Entries shown

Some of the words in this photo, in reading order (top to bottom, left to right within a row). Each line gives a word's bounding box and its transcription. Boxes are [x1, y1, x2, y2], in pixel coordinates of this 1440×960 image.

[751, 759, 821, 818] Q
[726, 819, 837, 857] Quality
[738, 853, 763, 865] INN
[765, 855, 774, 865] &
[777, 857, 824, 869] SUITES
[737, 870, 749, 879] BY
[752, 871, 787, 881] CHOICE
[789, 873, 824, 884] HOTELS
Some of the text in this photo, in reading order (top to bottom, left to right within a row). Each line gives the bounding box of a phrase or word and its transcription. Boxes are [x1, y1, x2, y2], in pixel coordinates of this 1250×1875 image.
...
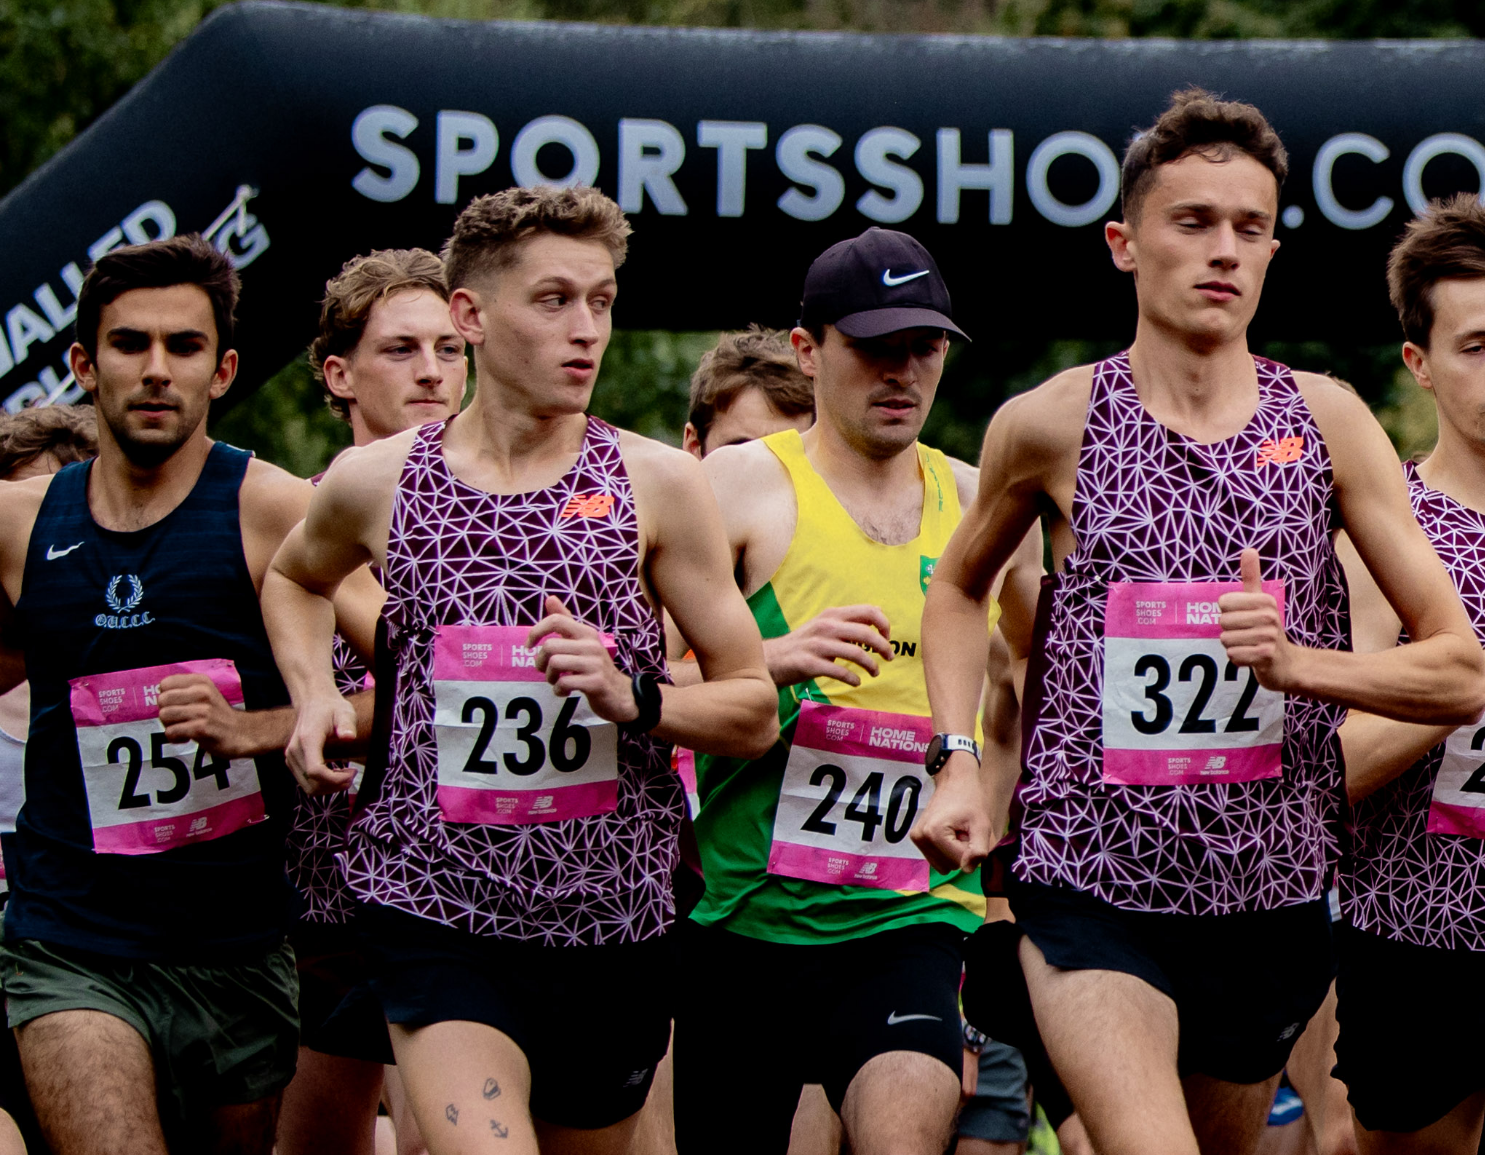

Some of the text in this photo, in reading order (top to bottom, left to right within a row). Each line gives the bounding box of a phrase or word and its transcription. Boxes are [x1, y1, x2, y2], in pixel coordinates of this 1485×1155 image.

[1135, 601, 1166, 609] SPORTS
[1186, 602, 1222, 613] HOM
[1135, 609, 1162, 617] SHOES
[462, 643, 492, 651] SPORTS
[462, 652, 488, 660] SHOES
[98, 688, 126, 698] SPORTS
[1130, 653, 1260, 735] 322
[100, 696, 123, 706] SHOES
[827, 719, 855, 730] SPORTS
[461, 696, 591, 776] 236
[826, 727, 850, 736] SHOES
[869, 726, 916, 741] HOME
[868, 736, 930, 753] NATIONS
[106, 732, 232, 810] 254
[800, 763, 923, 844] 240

Task to carry out
Whatever else the listing above holds, retype exactly only the lines from the one containing "Some of the words" to the one containing "this 1250×1875 image.", both ends kept.

Solution to this exercise
Some of the words in this photo, in reading order (top to bottom, left to right within a row). Each line gives a word's bounding box and its transcription. Boxes are [x1, y1, x2, y2], in pixel coordinates of this 1440×960 image.

[751, 759, 821, 818] Q
[726, 819, 837, 857] Quality
[738, 853, 763, 865] INN
[765, 855, 774, 865] &
[777, 857, 824, 869] SUITES
[737, 870, 749, 879] BY
[752, 871, 787, 881] CHOICE
[789, 873, 824, 884] HOTELS
Some of the text in this photo, in reading order (top to bottom, left to right within a row). Each line gives the bounding box of a phrase or word and its transcription. Boxes are [x1, y1, x2, y2], in pixel coordinates of this 1250×1875 image.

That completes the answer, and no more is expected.